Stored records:
= = =
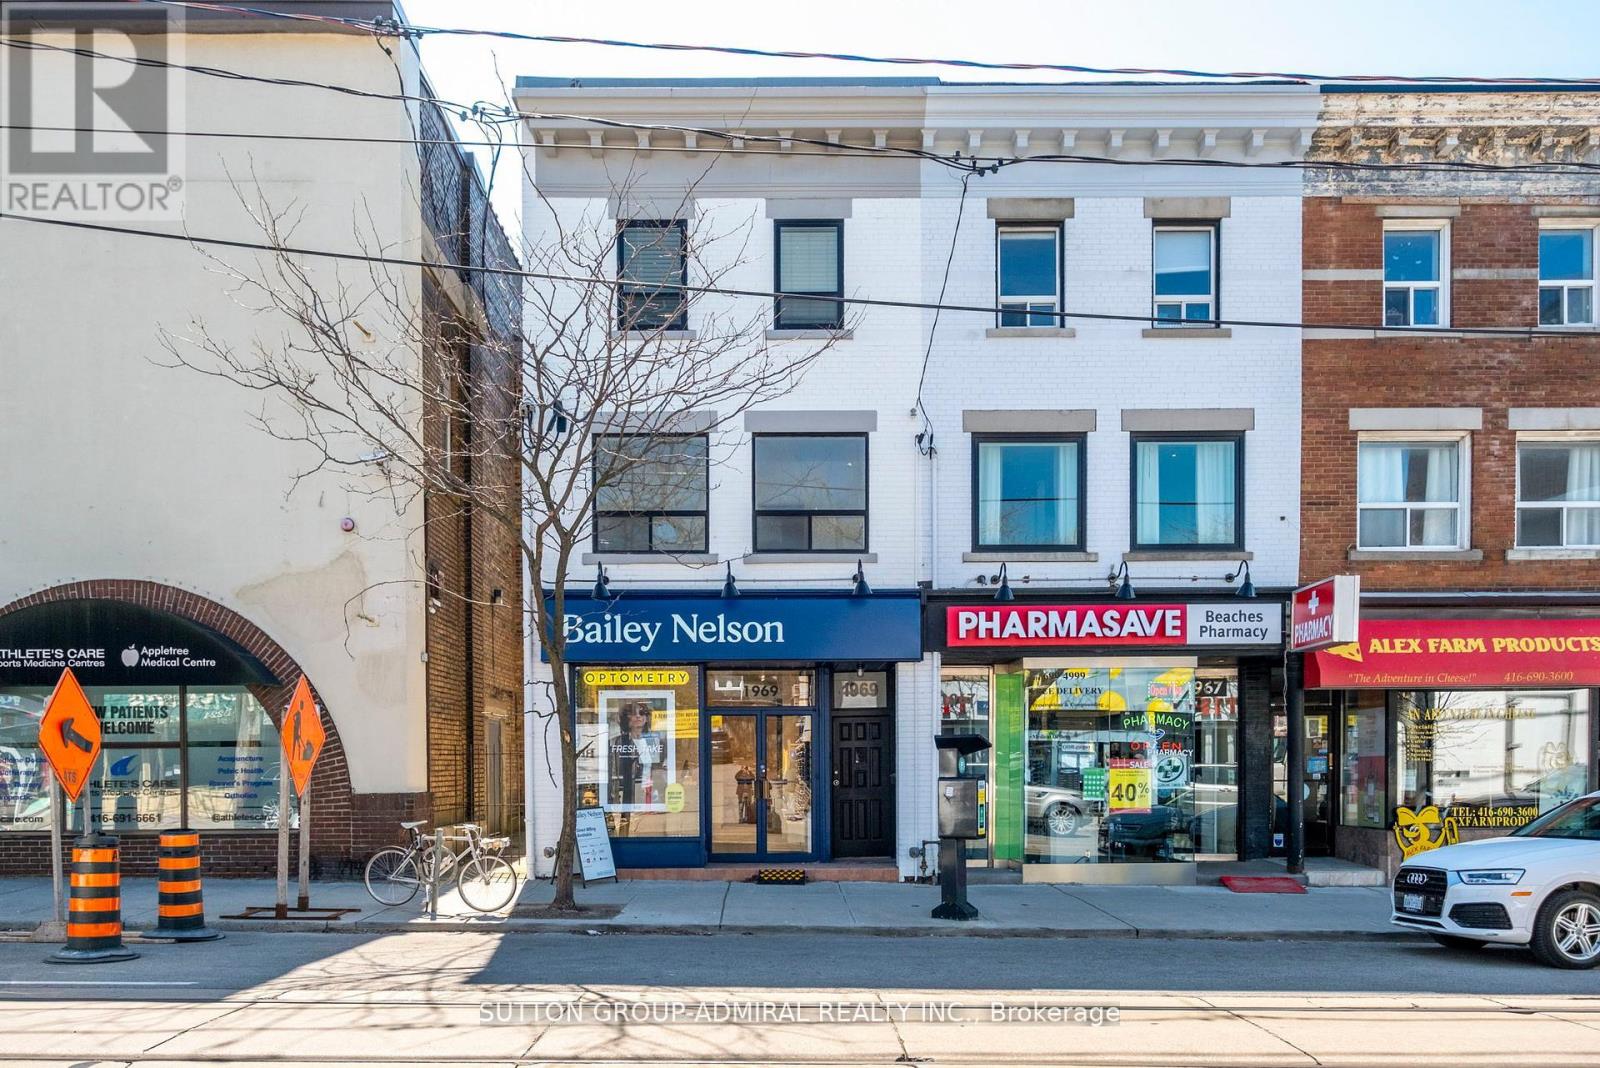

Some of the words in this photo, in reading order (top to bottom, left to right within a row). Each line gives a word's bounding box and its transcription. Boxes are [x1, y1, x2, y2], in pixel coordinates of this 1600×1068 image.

[1205, 610, 1263, 623] Beaches
[958, 610, 1181, 638] PHARMASAVE
[1295, 614, 1333, 644] PHARMACY
[563, 613, 661, 652] Bailey
[672, 613, 784, 643] Nelson
[1199, 625, 1268, 641] Pharmacy
[1369, 638, 1423, 653] ALEX
[1427, 638, 1487, 652] FARM
[1493, 637, 1600, 652] PRODUCTS
[67, 649, 105, 659] CARE
[140, 646, 189, 657] Appletree
[141, 657, 180, 667] Medical
[183, 657, 216, 667] Centre
[585, 672, 688, 683] OPTOMETRY
[1373, 673, 1422, 683] Adventure
[1425, 674, 1434, 682] in
[1504, 671, 1573, 682] 416-690-3600
[744, 685, 778, 697] 1969
[1057, 687, 1103, 695] DELIVERY
[111, 706, 168, 719] PATIENTS
[101, 721, 155, 734] ELCOME
[1123, 714, 1190, 731] PHARMACY
[1147, 749, 1194, 758] PHARMACY
[1452, 807, 1476, 817] TEL:
[1477, 807, 1538, 818] 416-690-3600
= = =
Every entry above is to be repeated word for word, with all pictures omitted.

### WRITTEN RESPONSE:
Some of the words in this photo, in reading order (top to bottom, left to right within a row). Each line gives a word's bounding box and its transcription. Boxes are [x1, y1, x2, y2], in pixel coordinates of this 1600×1068 image.

[1205, 610, 1263, 623] Beaches
[958, 610, 1181, 638] PHARMASAVE
[1295, 614, 1333, 644] PHARMACY
[563, 613, 661, 652] Bailey
[672, 613, 784, 643] Nelson
[1199, 625, 1268, 641] Pharmacy
[1369, 638, 1423, 653] ALEX
[1427, 638, 1487, 652] FARM
[1493, 637, 1600, 652] PRODUCTS
[67, 649, 105, 659] CARE
[140, 646, 189, 657] Appletree
[141, 657, 180, 667] Medical
[183, 657, 216, 667] Centre
[585, 672, 688, 683] OPTOMETRY
[1373, 673, 1422, 683] Adventure
[1425, 674, 1434, 682] in
[1504, 671, 1573, 682] 416-690-3600
[744, 685, 778, 697] 1969
[1057, 687, 1103, 695] DELIVERY
[111, 706, 168, 719] PATIENTS
[101, 721, 155, 734] ELCOME
[1123, 714, 1190, 731] PHARMACY
[1147, 749, 1194, 758] PHARMACY
[1452, 807, 1476, 817] TEL:
[1477, 807, 1538, 818] 416-690-3600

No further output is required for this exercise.